Climate change presents a growing threat to global health systems, with radiology increasingly affected by environmental disruptions. Rising temperatures, air pollution and extreme weather events contribute to higher disease burdens, leading to increased demand for diagnostic imaging and greater greenhouse gas emissions. Radiology departments must therefore reduce their environmental impact while enhancing their capacity to anticipate, withstand and recover from climate-related challenges. A comprehensive strategy that integrates mitigation, adaptation and resilience offers a practical path toward more sustainable and robust radiology services. This approach is essential not only for environmental stewardship but also for ensuring equitable access to care in a rapidly changing world.

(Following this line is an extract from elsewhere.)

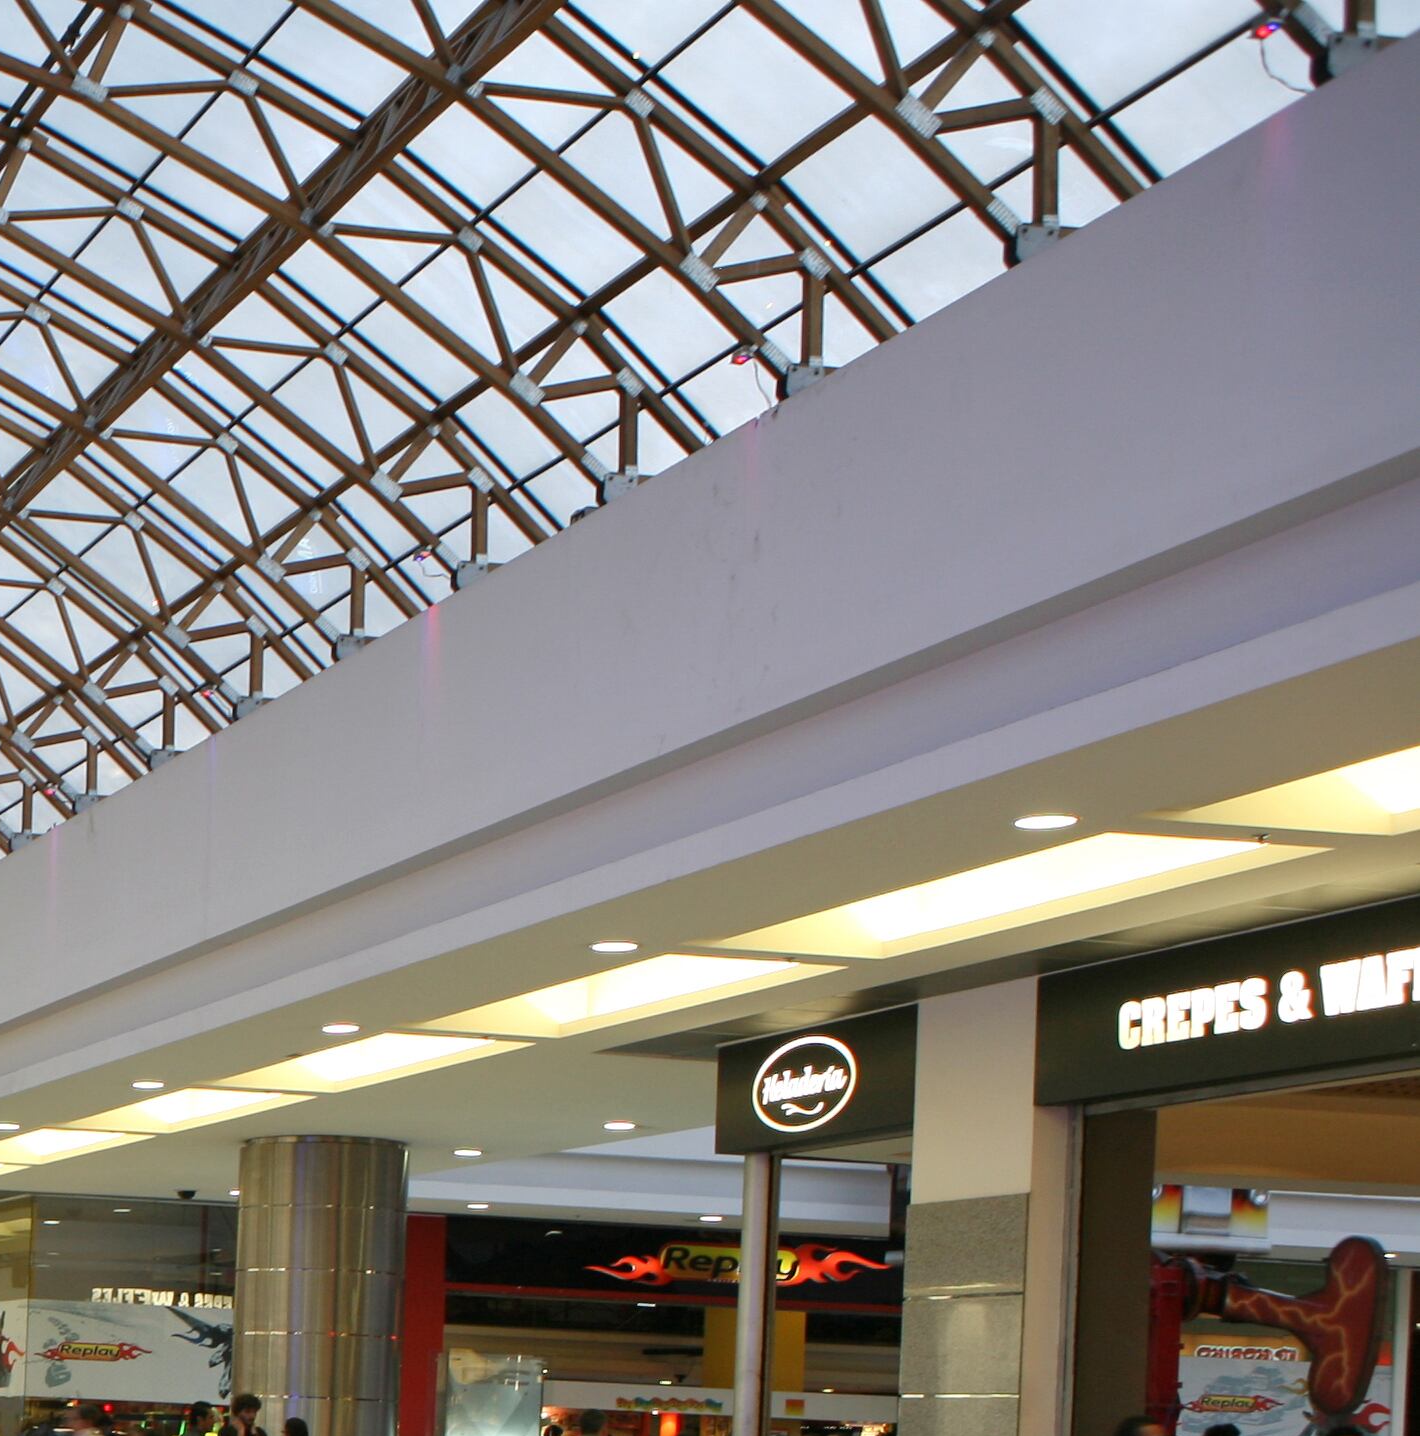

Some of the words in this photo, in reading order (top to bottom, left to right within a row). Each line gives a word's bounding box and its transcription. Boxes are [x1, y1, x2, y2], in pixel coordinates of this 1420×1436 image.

[1118, 977, 1268, 1050] CREPES
[1278, 970, 1312, 1023] &
[60, 1344, 120, 1358] Replay

The Climate Burden on Radiology Systems
Climate change has far-reaching impacts on public health and healthcare infrastructure. Environmental conditions such as heatwaves and air pollution increase the incidence and severity of cardiovascular, respiratory, neurological and infectious diseases, driving up emergency department visits and, consequently, imaging utilisation. For example, short-term heat exposure and particulate pollution have been linked to increased demand for radiography and CT scans. The associated rise in imaging not only burdens healthcare resources but also amplifies GHG emissions, creating a self-perpetuating cycle of environmental degradation and healthcare strain.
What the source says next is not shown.